» WORK INSTRUCTIONS:
Repeat each entry word for word. Leave any images out of the copy.

====== AVAILABLE RECORDS

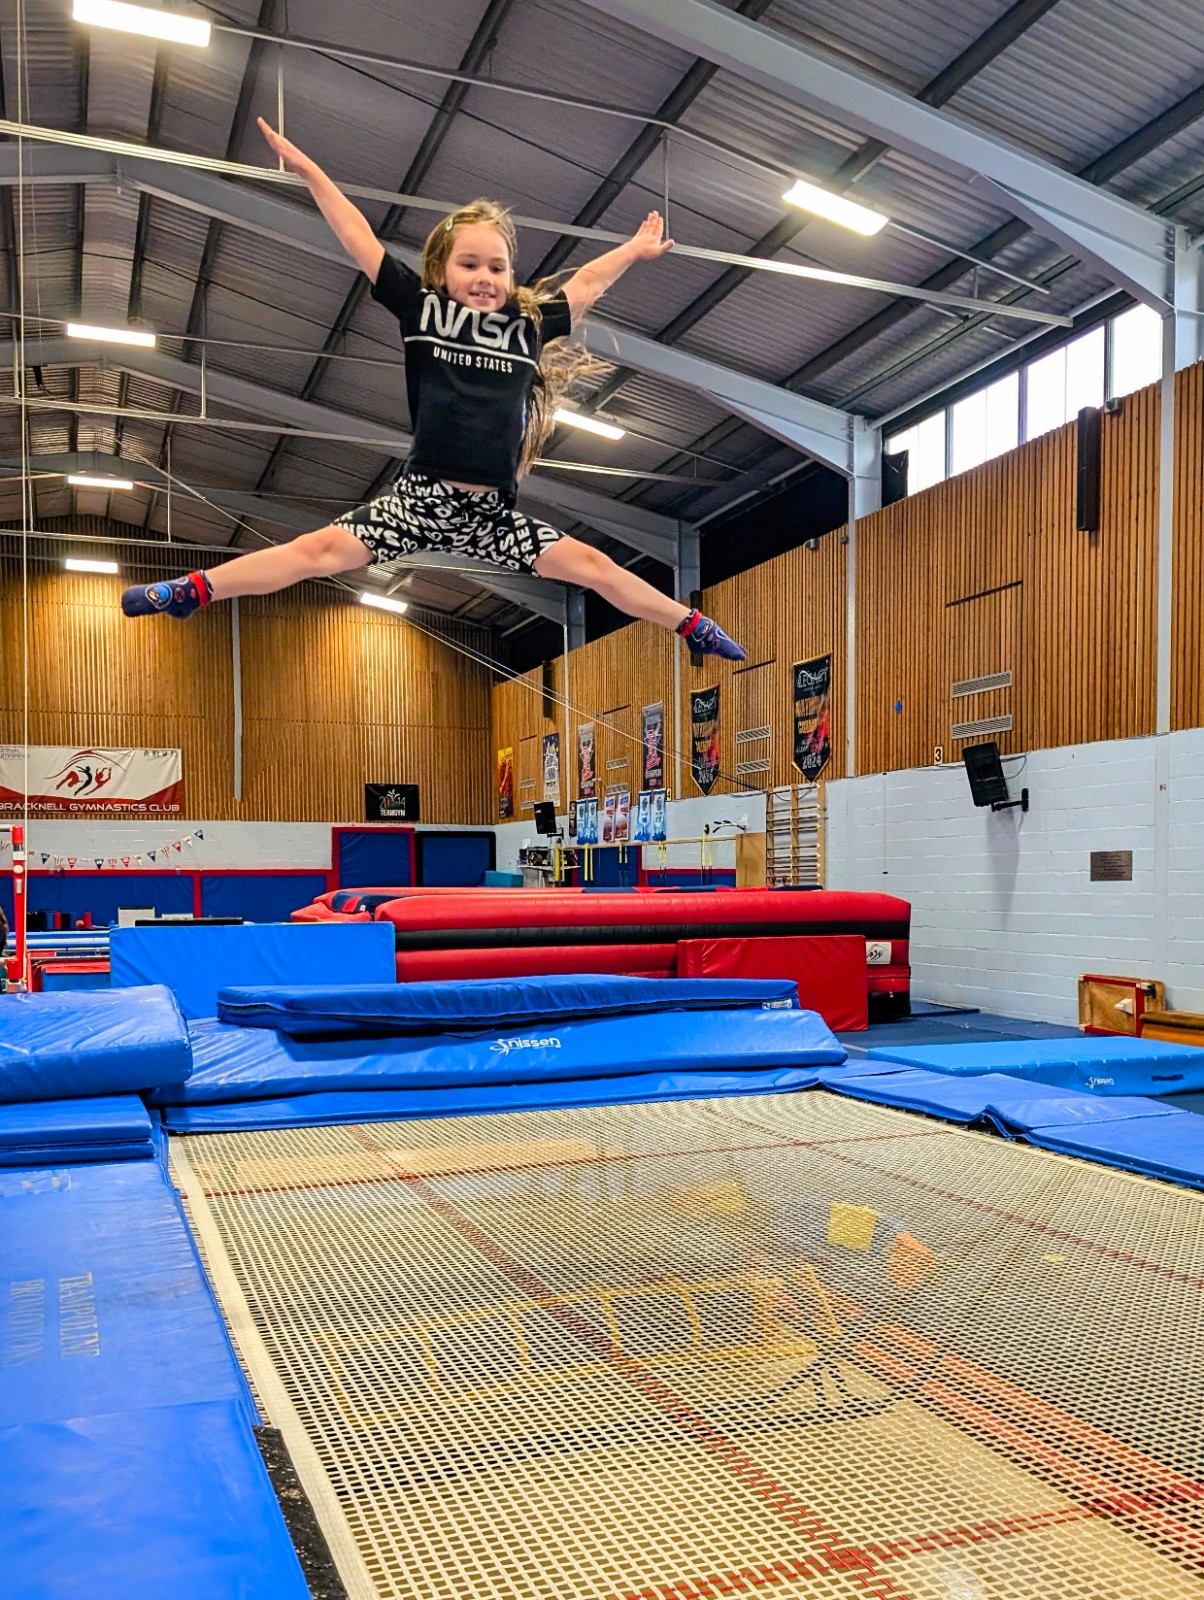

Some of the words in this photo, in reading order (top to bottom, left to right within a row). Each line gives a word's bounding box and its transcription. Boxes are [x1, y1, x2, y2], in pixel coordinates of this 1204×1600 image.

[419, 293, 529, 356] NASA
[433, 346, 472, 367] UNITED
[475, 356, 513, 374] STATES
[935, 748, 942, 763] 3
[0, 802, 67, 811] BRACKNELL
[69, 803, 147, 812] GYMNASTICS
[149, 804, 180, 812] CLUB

============

» RESPONSE TO THE TASK:
Some of the words in this photo, in reading order (top to bottom, left to right within a row). Each line gives a word's bounding box and its transcription. Boxes are [x1, y1, x2, y2], in pixel coordinates of this 1204×1600 image.

[419, 293, 529, 356] NASA
[433, 346, 472, 367] UNITED
[475, 356, 513, 374] STATES
[935, 748, 942, 763] 3
[0, 802, 67, 811] BRACKNELL
[69, 803, 147, 812] GYMNASTICS
[149, 804, 180, 812] CLUB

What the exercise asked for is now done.